As a warm-up for Process Mining Camp, we have asked some of the speakers for an up-front interview. Previously, we have already spoken with Frank van Geffen from the Rabobank, with Johan Lammers from the Centraal Bureau voor de Statistiek, and with Shaun Moran from Customer Dimension Analytics.

Antonio Valle

Today, you can read the interview with Antonio Valle Salas. Antonio is director of G2 and heading the itSMF division of Spain.

At camp, Antonio will give a workshop on ‘Process Mining and Lean’.

Interview with Antonio

Anne: Hi Antonio, thanks for doing the Process Mining and Lean workshop at Process Mining Camp this year. I know this is a topic that is interesting for many people. What is your own history with lean? Do you still remember how you came in contact with it?

Antonio: Hi Anne; first of all, let me thank you and the rest of the Process Mining Camp organization for the opportunity to conduct this workshop.

Lean has been a hot topic in different areas for at least the latest 20 years, but in the ITSM industry it all started just five to seven years ago. Back in 2008 when I founded G2 intending to work around new ideas and technologies, Lean was one of those concepts I wanted to apply to IT Service Management practices. Then I was invited by Jan van Bon to attend the Best Practices in ITSM conference in Ede, NL and there I met Ian M. Clayton. He was presenting his developments around Lean and the Service Management practices (he had recently published his USMBOK reference guide and he was working to incorporate lean thinking to it). In 2009 I had the opportunity to collaborate with the team who organized the itSMF Catalunya conference and I invited Ian M. Clayton as a keynote speaker. That was my first contact with Lean Service Management and the concepts that would be coined later as Lean-IT.

Ian had created a complete set of practices adapted from Lean to the service sector, what he calls Lean Service Management.
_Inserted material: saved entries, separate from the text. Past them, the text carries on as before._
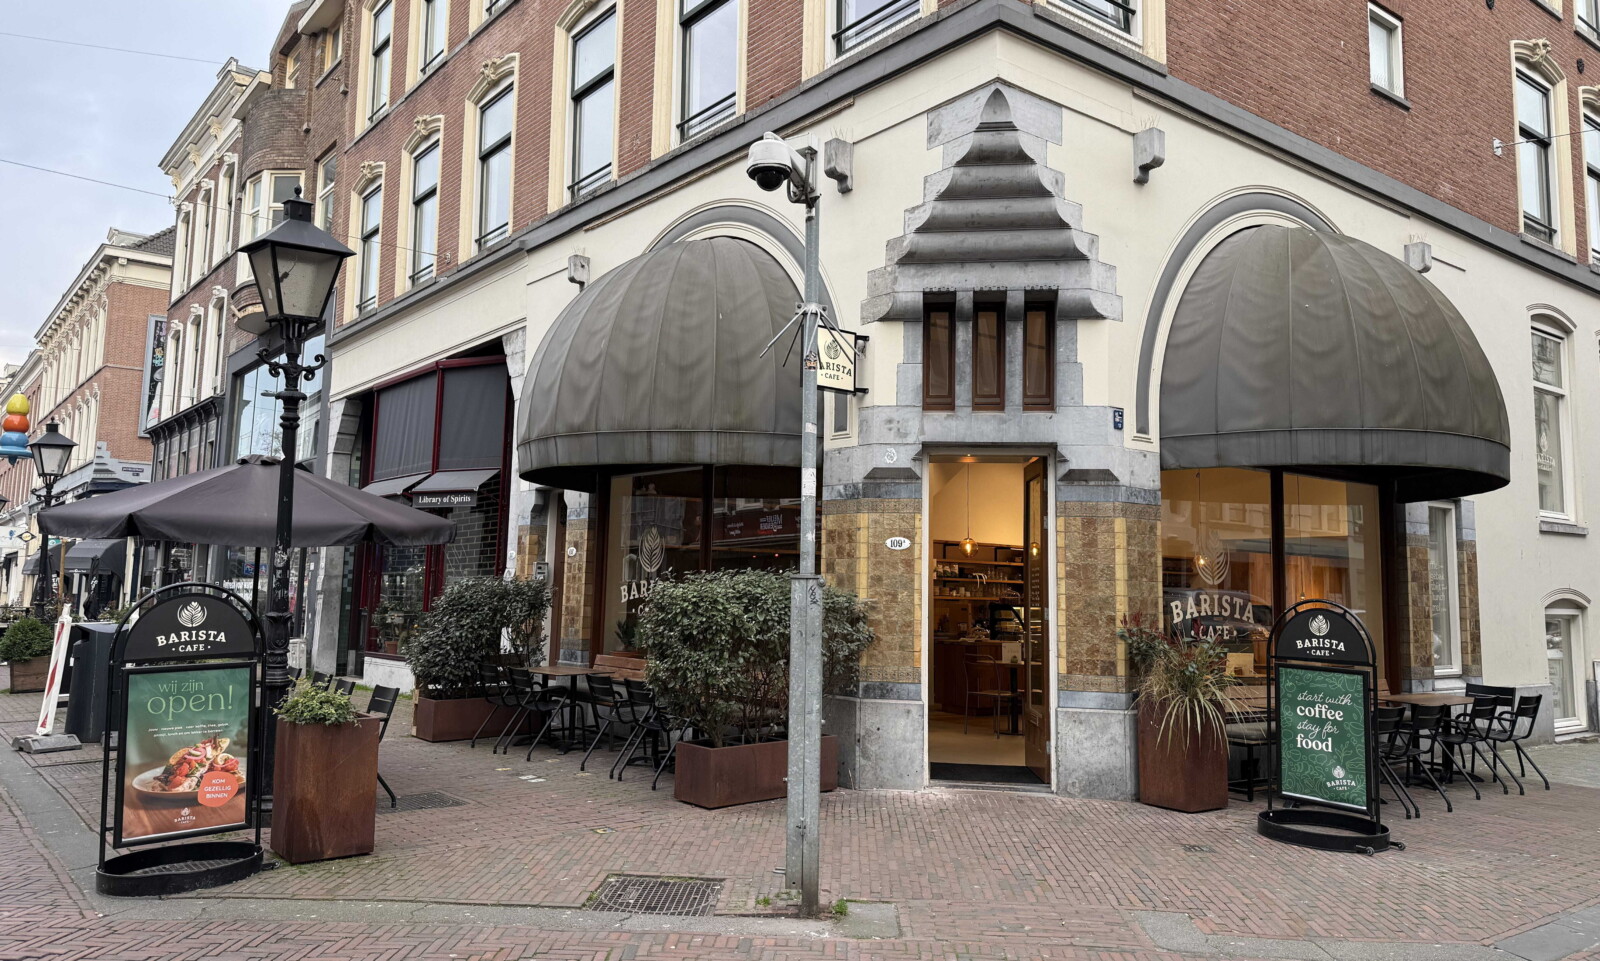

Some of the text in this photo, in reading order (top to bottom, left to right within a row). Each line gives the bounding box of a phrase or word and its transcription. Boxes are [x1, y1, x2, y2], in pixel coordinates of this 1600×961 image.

[824, 372, 840, 380] CAFE
[418, 494, 471, 505] Library of Spirits
[1170, 594, 1255, 624] BARISTA
[156, 630, 227, 647] BARISTA
[1199, 625, 1231, 640] CAFE
[178, 643, 205, 652] CAFE
[1295, 638, 1346, 652] BARISTA
[158, 679, 204, 694] wij zijn
[147, 684, 233, 721] open!
[1297, 690, 1353, 705] start with
[1296, 703, 1344, 721] coffee
[1297, 719, 1340, 740] stay for
[1296, 733, 1333, 753] food
[1326, 779, 1356, 788] BARISTA
[174, 815, 196, 823] BARISTA
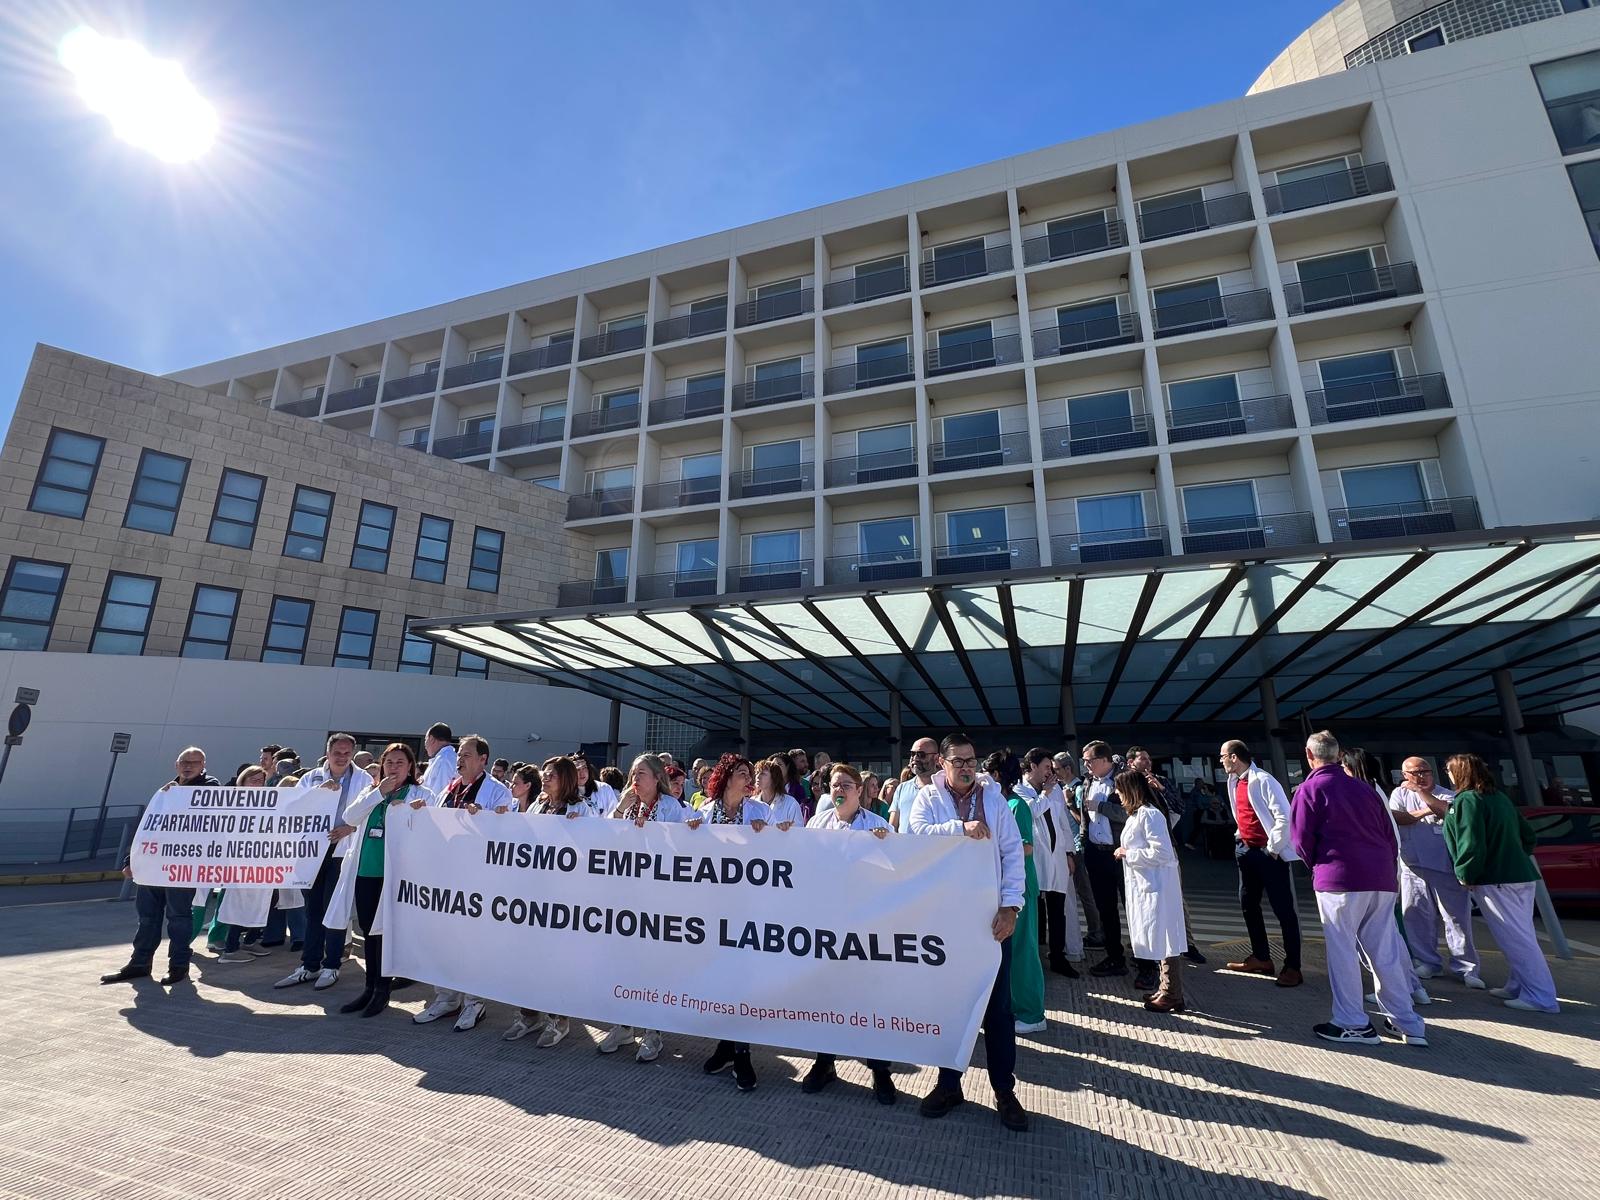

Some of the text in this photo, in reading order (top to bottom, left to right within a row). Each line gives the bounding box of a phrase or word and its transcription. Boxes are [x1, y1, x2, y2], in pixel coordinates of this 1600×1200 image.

[190, 789, 278, 808] CONVENIO
[239, 815, 256, 833] DE
[259, 816, 274, 834] LA
[278, 815, 331, 834] RIBERA
[142, 835, 319, 859] 75 meses de NEGOCIACIÓN
[485, 840, 794, 889] MISMO EMPLEADOR
[397, 879, 947, 967] MISMAS CONDICIONES LABORALES
[613, 984, 941, 1036] Comité de Empresa Departamento de la Ribera
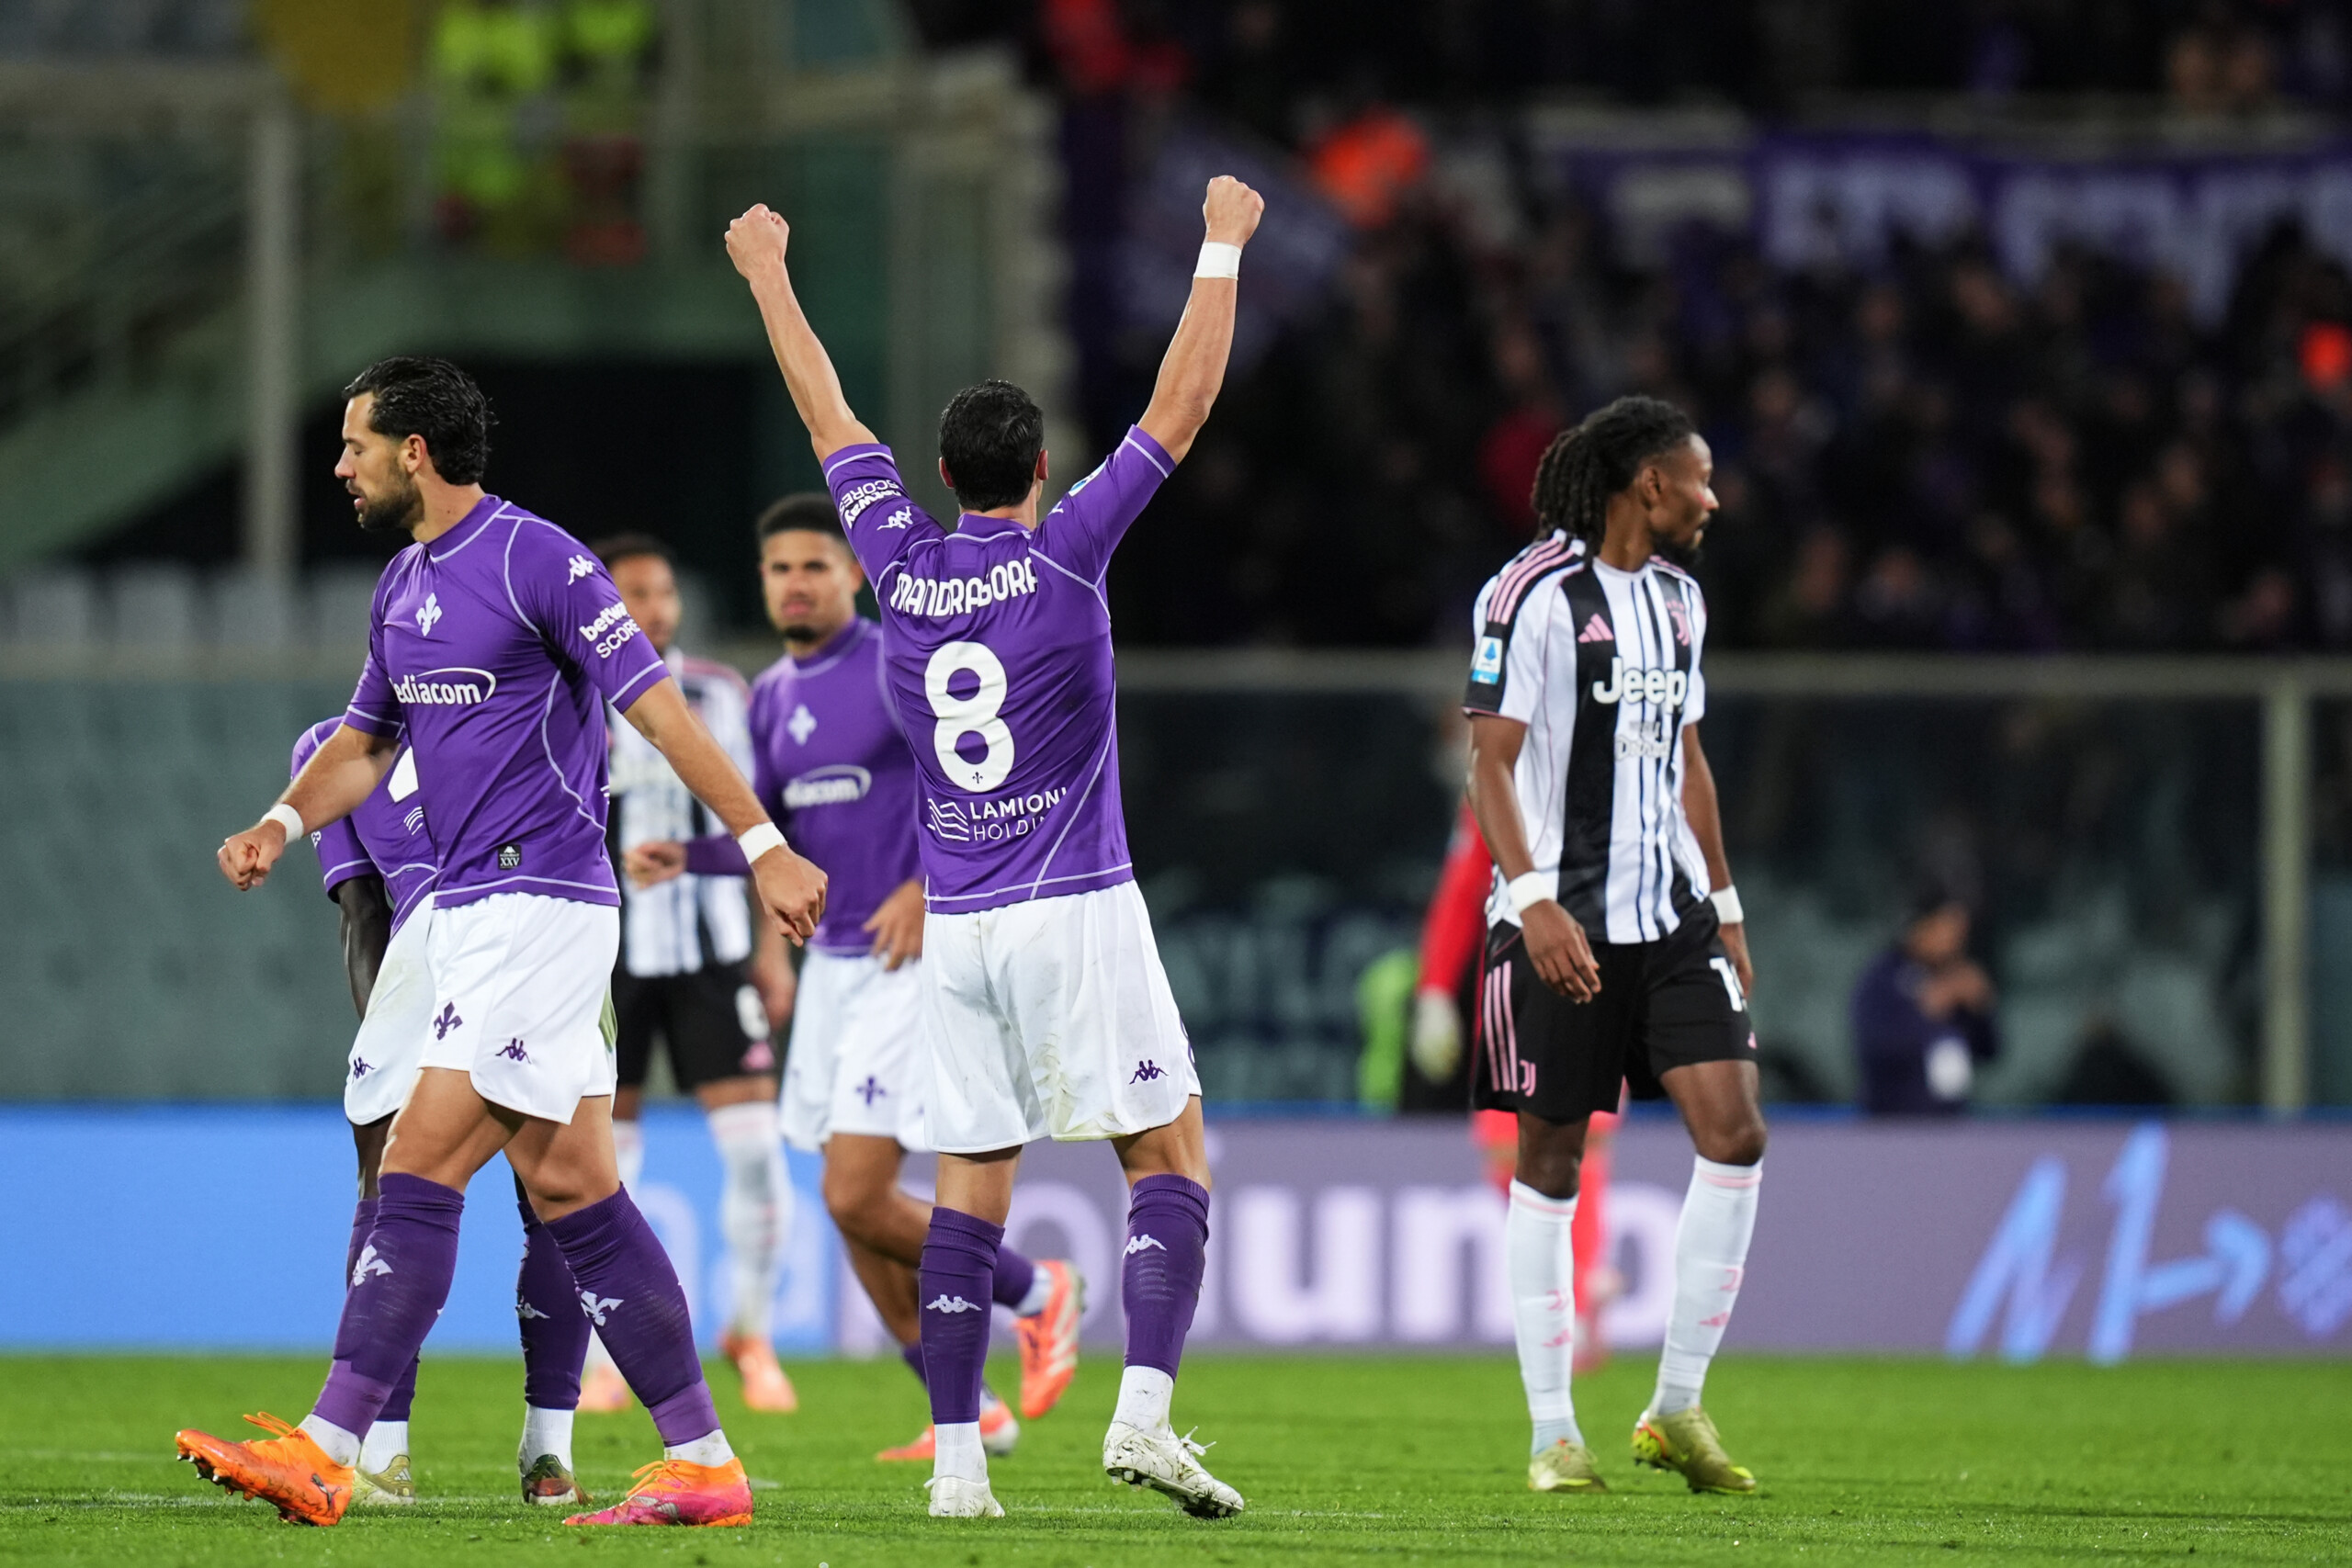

Those ideas deeply impacted me so I managed to convince him to stay a few more days in Barcelona to teach a small group of about 15 people in LSM. We were the first Certified Lean Service Professional certificates in Europe. But knowledge cannot be transmitted just by teaching: you must do it before you can learn it (as Taiichi Ohnno once said: Teaching means to teach something unknown. Training means to repeatedly practice something you know until your body remembers it) so we added Lean to G2s portfolio of services and started helping our customers to adopt Lean concepts…

And thats the beginning of the story…

Anne: _Nice! I like the distinction of teaching vs. training. Teaching the concepts is important. At the same time we are constantly thinking about how we can help people practice their process mining skills in the best possible ways.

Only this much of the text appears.